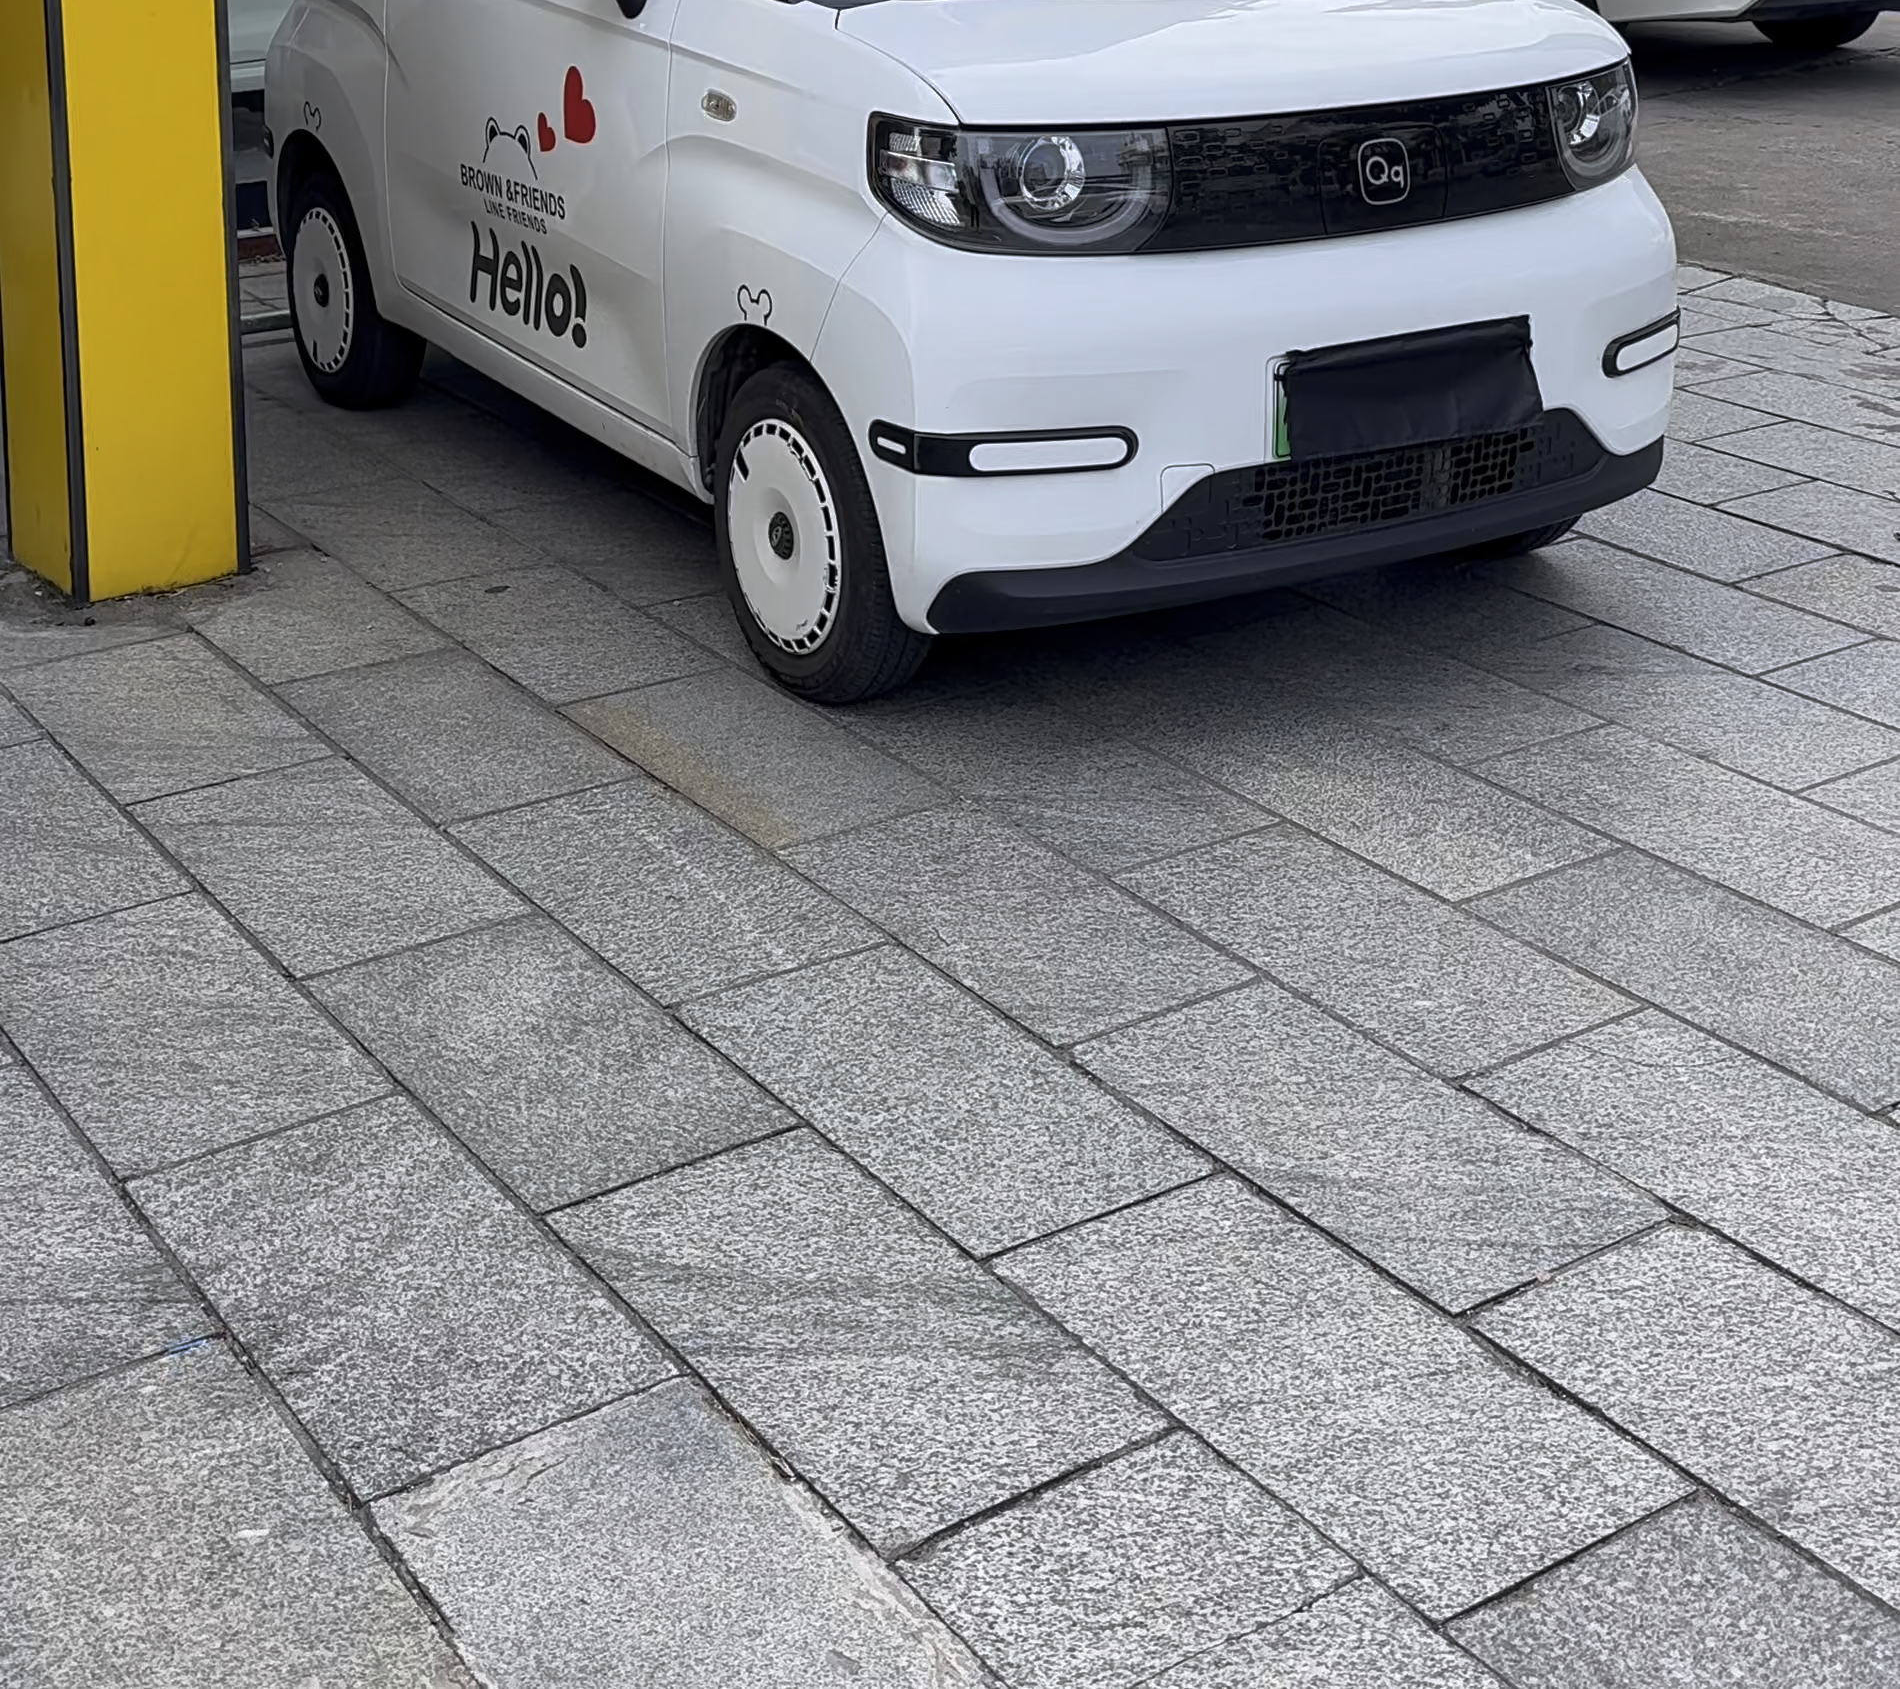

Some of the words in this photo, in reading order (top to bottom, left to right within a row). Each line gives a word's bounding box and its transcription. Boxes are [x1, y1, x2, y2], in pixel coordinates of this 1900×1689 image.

[460, 163, 503, 199] BROWN
[483, 198, 506, 220] LINE
[507, 207, 548, 235] FRIENDS
[469, 220, 588, 349] Hello!

◇ ◇ ◇ ◇ ◇ ◇ ◇

**Requirement:** Every entry should be repeated verbatim, with the pictures left out.

**Output for this task:**
Some of the words in this photo, in reading order (top to bottom, left to right within a row). Each line gives a word's bounding box and its transcription. Boxes are [x1, y1, x2, y2], in pixel coordinates of this 1900×1689 image.

[460, 163, 503, 199] BROWN
[483, 198, 506, 220] LINE
[507, 207, 548, 235] FRIENDS
[469, 220, 588, 349] Hello!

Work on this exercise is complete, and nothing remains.